Crisis, what crisis?
by
Marcel Van Silfhout |
Country’s social welfare system might be a good model for the US
In these days of bad tidings, what more can one do than just to live on? Most headlines of last week were all about the same: ‘Dutch economy has shrunk by 4.5 percent in the first three months of 2009.’ The Netherlands’ national statistics office CBS reported that “it is the worst shrinkage since World War II.” Exports and investments were hit even harder: they fell by 10 per cent. And, the consumption levels had gone down. In other words: the effects of global credit squeeze are deepening within the society. But the odd thing is how come the crisis in Holland still doesn’t feel like a crisis?
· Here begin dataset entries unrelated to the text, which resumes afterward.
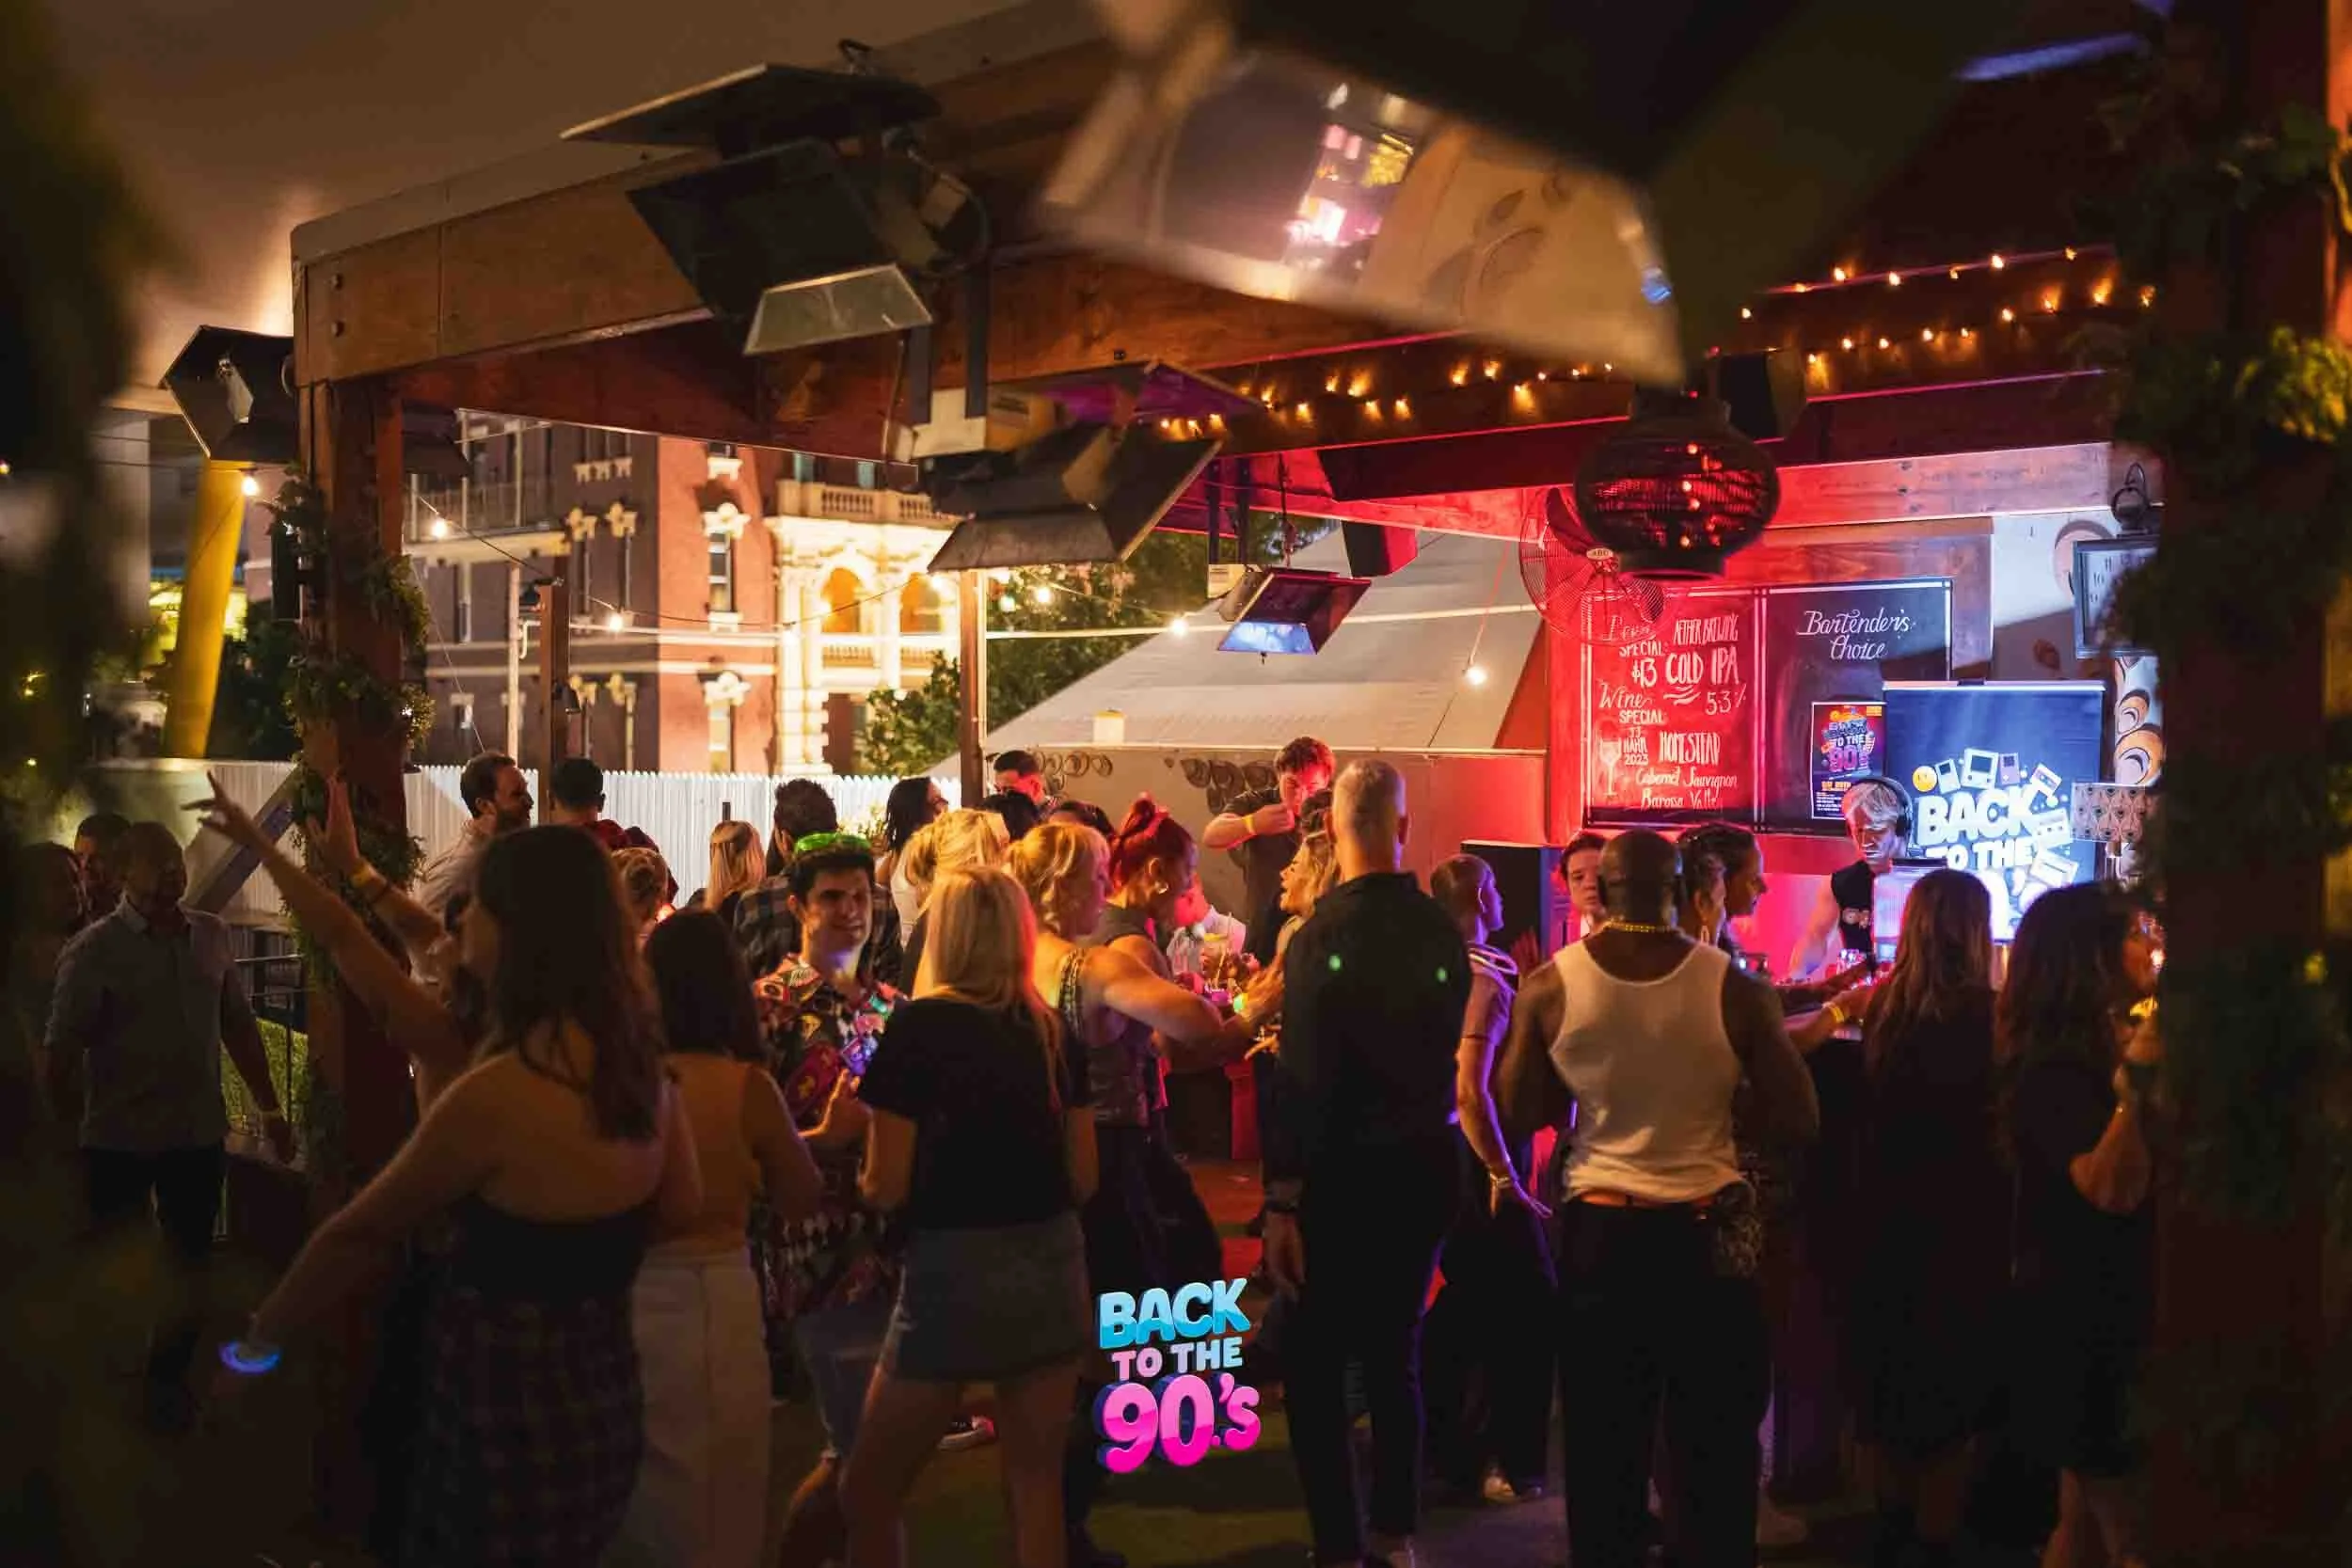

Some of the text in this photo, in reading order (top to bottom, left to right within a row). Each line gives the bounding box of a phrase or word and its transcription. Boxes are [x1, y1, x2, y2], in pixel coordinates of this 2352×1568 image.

[1830, 634, 1886, 660] Choice
[1631, 658, 1659, 689] $13
[1665, 645, 1740, 685] COLD IPA
[1597, 680, 1652, 708] Wine
[1846, 734, 1867, 746] THE
[1625, 752, 1649, 766] 2023
[1683, 767, 1738, 799] Sauvignon
[1640, 787, 1684, 812] Barossa
[1915, 784, 2039, 846] BACK
[1972, 835, 2036, 870] THE
The credit crunch has hit Germany and The Netherlands hardest in Europe. Both economies are highly dependent on exports. That makes Holland and Germany more vulnerable than other European countries. Until recently the consumption levels were reasonably good and they had kept the economy in shape. But that scenario has changed now. In the last three months there has been little movement of kitchen ware, furniture, cars, electronic goods and luxury items in the market. Consumer goods sales have gone down. And, very few people are going on holidays. At the same time, it is reported, people are saving their money. So, finally the crisis has entered the life of ordinary people. However, it seems there is no panic at all. It’s a kind of soberness and cautiousness.
According to Professor Jan Willem Velthuijsen of the University of Groningen, The Netherlands has lost 325 billion euro due to global financial meltdown. “That makes an average loss of 26,000 euro per person over 20 years old since the beginning of the economic crisis,” the economics professor stated in the Dutch newspaper NRC Handelsblad.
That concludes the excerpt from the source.